Inasmuch as Novatian, so far as we can learn, was perfectly orthodox on matters of faith, he would not have cared to make any alteration in such a creed as the present Apostles’ Creed. Exactly what Dionysius means in the present case is not certain. It is possible that he is simply speaking in general terms, assuming that if Novatian does not accept the Church baptism, he must overturn and pervert with it the instruction which had preceded; or it may be that he is thinking of that form of confession to which the candidate was required to give his assent, according to Cyprian, Ep. 69 (al. 70): credis in vitam æternam et remissionem peccatorum per sanctam ecclesiam? “Dost thou believe in eternal life and remission of sins through the holy Church?” The latter is the view of Valesius, who is followed by all others that have discussed the passage so far as I am aware. Of course Novatian could not put the last clause of this question to his converts, and hence Dionysius may have been thinking of this omission in using the words he does. At the same time I confess myself unable to agree with others in interpreting him thus. In the first place, it is, to say the least, very doubtful whether the question quoted above from Cyprian formed an article in the baptismal confession of the Church in general. It does not appear in the Apostles’ Creed, and can therefore hardly have formed a part of the earlier Roman formula which underlay that. And so far as I am aware there are no traces of the use of such an article in the church of Alexandria. In the second place, Dionysius’ language seems to me too general to admit of such a particular application. Had he been thinking of one especial article of the confession, as omitted or altered by Novatian, he would, in my opinion, have given some indication of it. I am, therefore, inclined to take his words in the most general sense, suggested as possible just above.

297:2201

These last clauses are, according to Valesius, fraught with difficulty. He interprets the αὐτῶν (“entirely banished from them”) as referring to the lapsi, and interpreted thus I find the passage not simply difficult, as he does, but incomprehensible. But I confess myself again unable to accept his interpretation.
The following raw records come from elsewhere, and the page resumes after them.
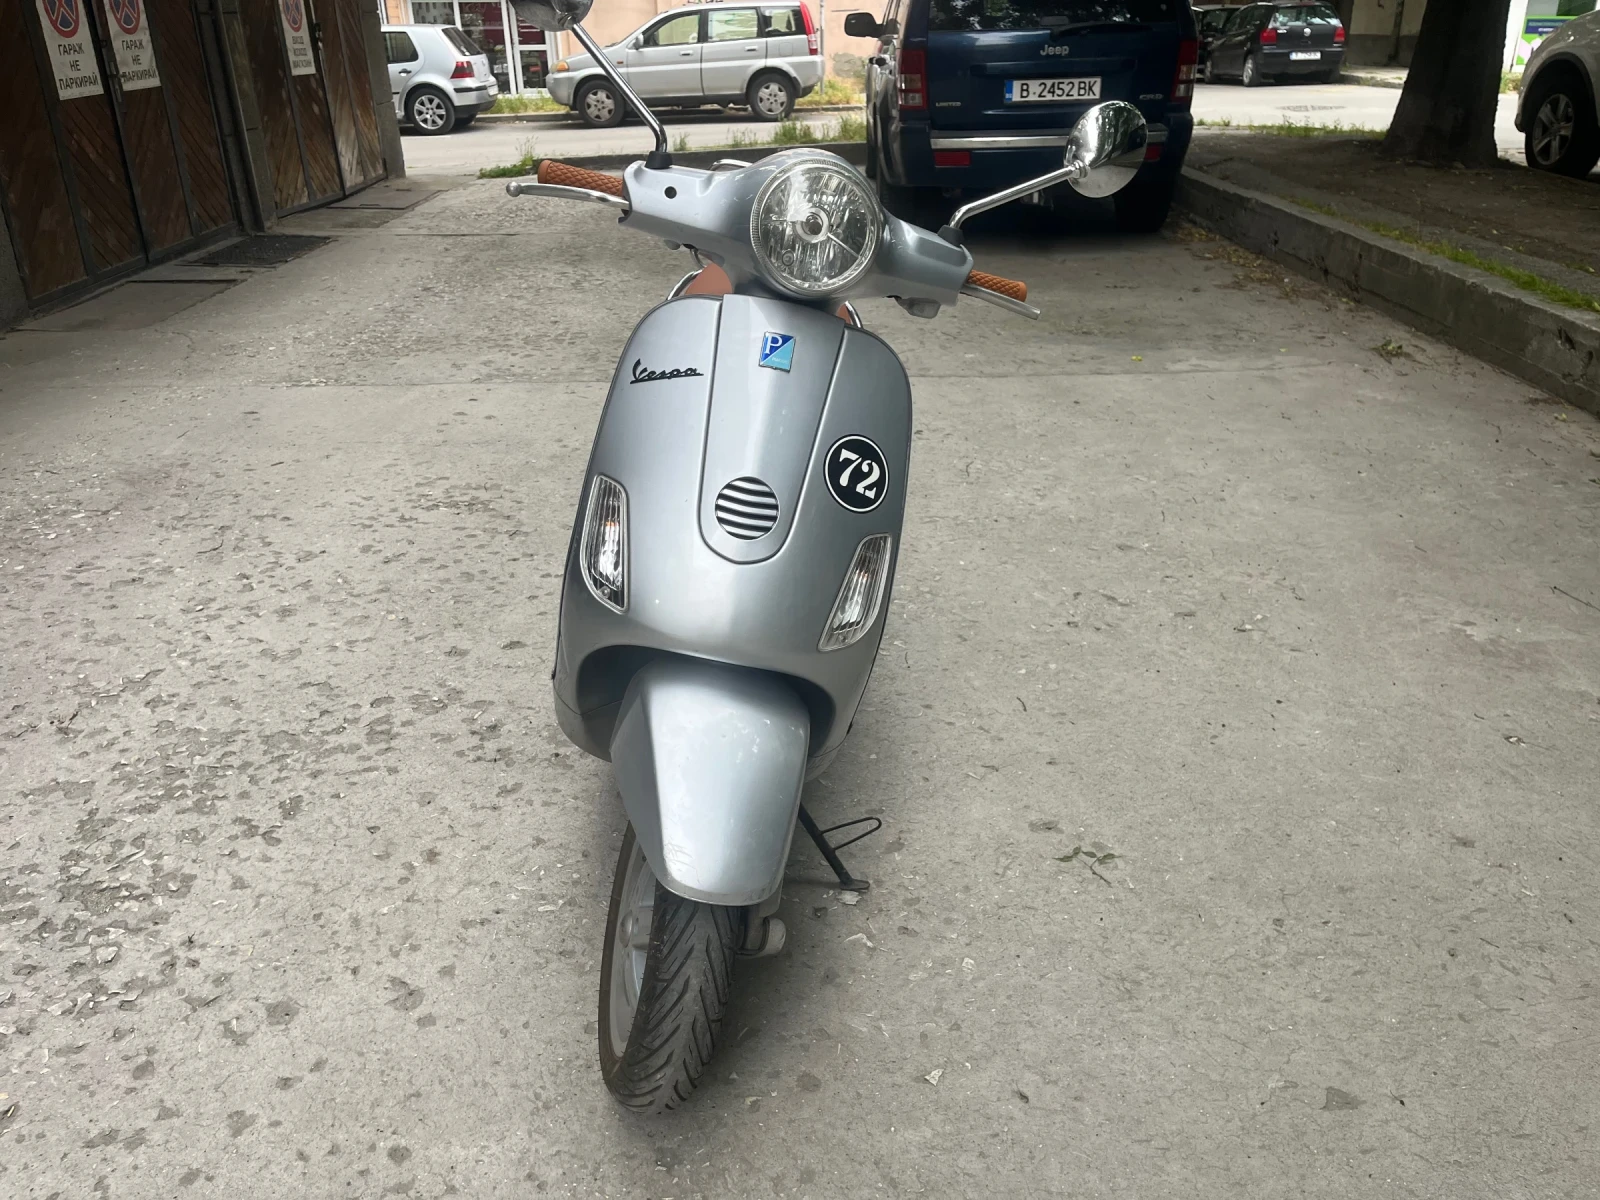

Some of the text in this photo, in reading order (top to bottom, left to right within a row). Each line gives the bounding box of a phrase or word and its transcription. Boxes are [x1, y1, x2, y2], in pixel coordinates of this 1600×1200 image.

[57, 42, 85, 56] ГАРАЖ
[121, 39, 145, 51] ГАРАЖ
[1040, 45, 1069, 56] Jeep
[69, 59, 81, 72] НЕ
[131, 54, 142, 66] НЕ
[58, 72, 99, 91] ПАРКИРАЙ
[629, 358, 705, 385] Vespa
[839, 448, 881, 500] 72
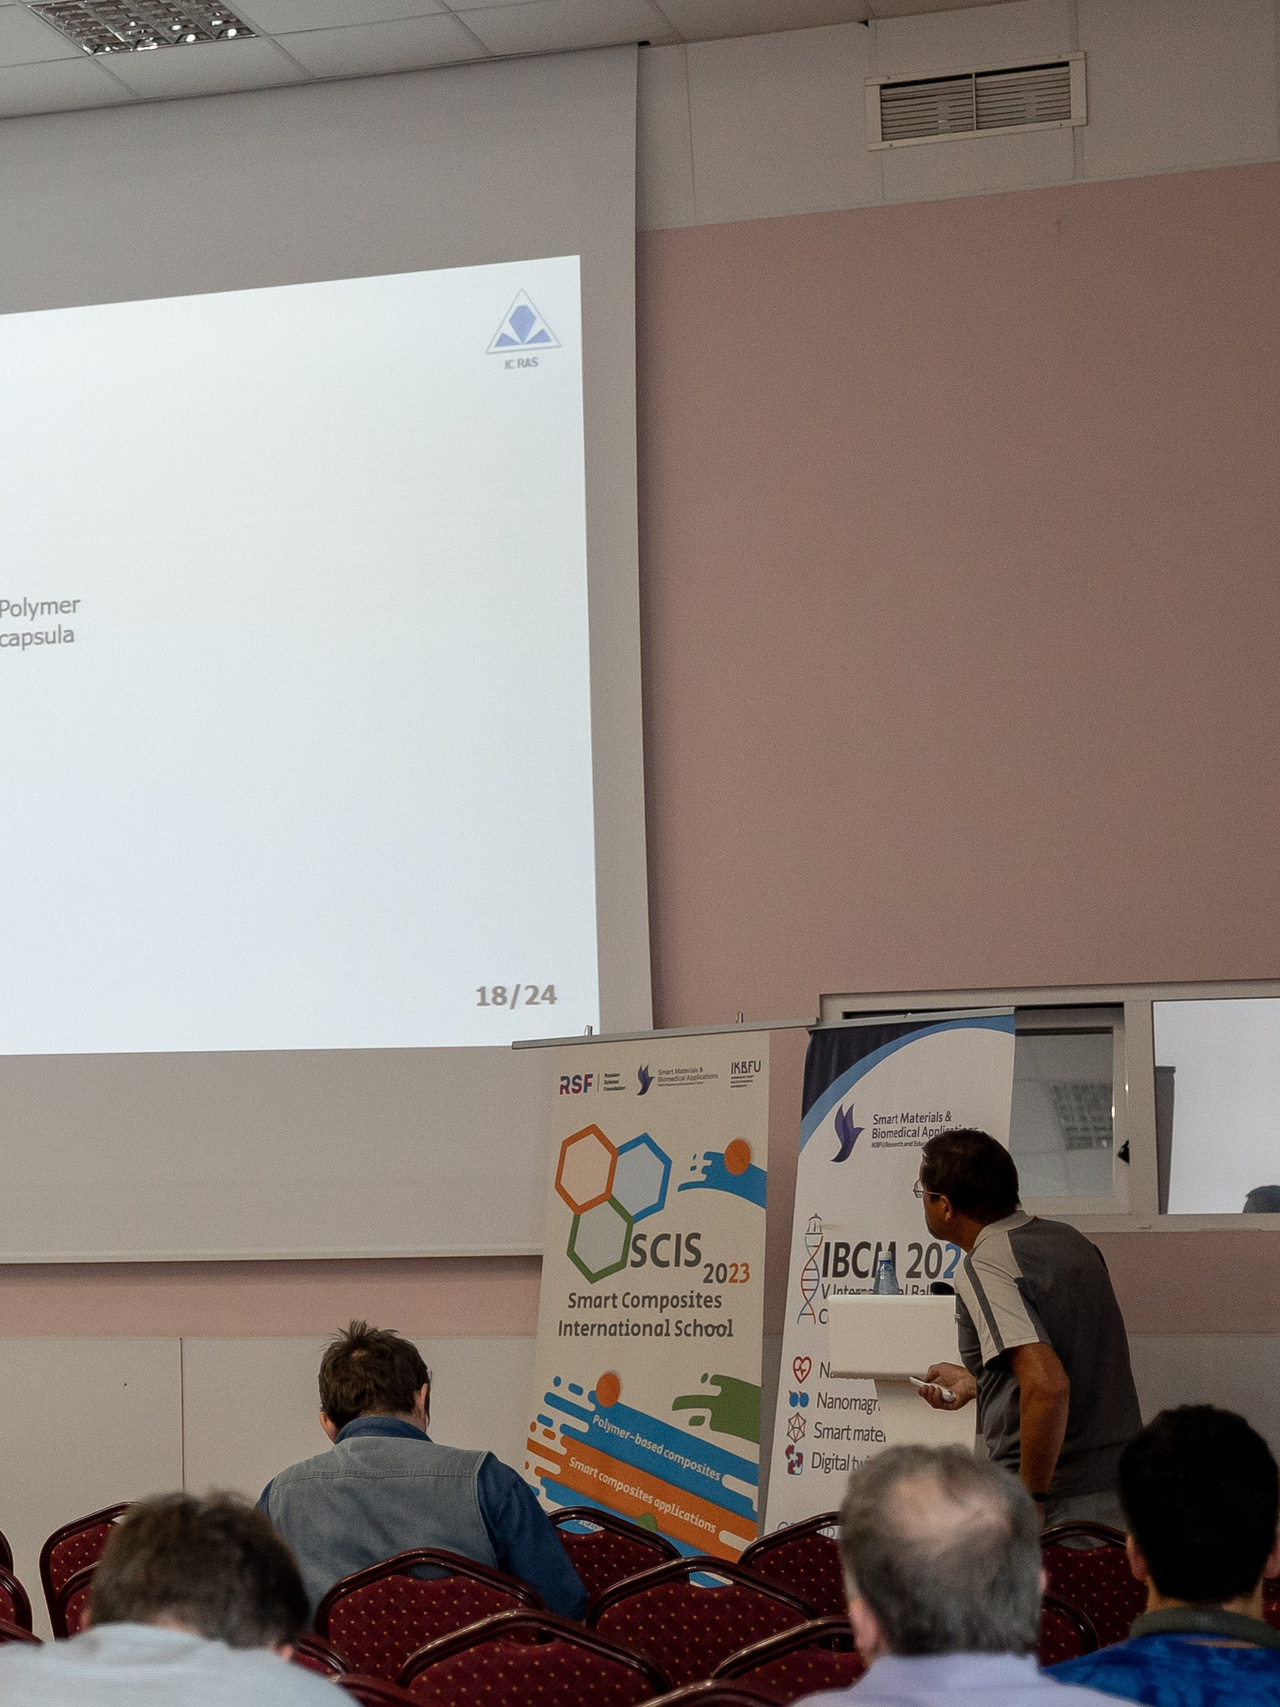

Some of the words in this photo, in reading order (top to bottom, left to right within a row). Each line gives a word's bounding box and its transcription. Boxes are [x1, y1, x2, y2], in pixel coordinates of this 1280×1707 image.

[517, 356, 539, 369] RAS
[476, 983, 558, 1010] 18/24
[730, 1060, 761, 1075] IKBFU
[560, 1073, 593, 1095] RSF
[872, 1114, 899, 1125] Smart
[900, 1111, 944, 1124] Materials
[944, 1110, 952, 1122] &
[871, 1126, 920, 1139] Biomedical
[630, 1232, 702, 1268] SCIS
[822, 1241, 897, 1279] IBCM
[905, 1242, 962, 1279] 202
[702, 1262, 751, 1284] 2023
[568, 1292, 618, 1309] Smart
[621, 1290, 722, 1313] Composites
[821, 1284, 831, 1300] V
[558, 1319, 671, 1337] International
[674, 1318, 734, 1337] School
[813, 1421, 851, 1441] Smart
[592, 1414, 664, 1455] Polymer-based
[663, 1449, 721, 1482] composites
[811, 1451, 850, 1475] Digital
[568, 1457, 599, 1479] Smart
[598, 1472, 654, 1504] composites
[654, 1498, 717, 1534] applications
To me the αὐτῶν seems not to refer to the lapsi, to whom there has been no direct reference in this fragment quoted by Eusebius, but rather to Novatian’s converts, to whom reference is made in the previous sentence, and who are evidently in the mind of the writer in referring to Novatian’s baptism in the first clause of the present sentence. It seems to me that Dionysius means simply to say that in rejecting the baptism of the Church, and the “faith and confession which precede it,” Novatian necessarily drove away from his converts the Holy Spirit, who works in and through right confession and true baptism. The meaning of the words “if, indeed, there was any hope,” &c., thus becomes very clear; Dionysius does not believe, of course, that the Holy Spirit would remain with those who should leave the Church to go with Novatian, but even if he should remain, he would be driven entirely away from them when they blasphemed him and denied his work, by rejecting the true baptism and submitting to another baptism without the Church.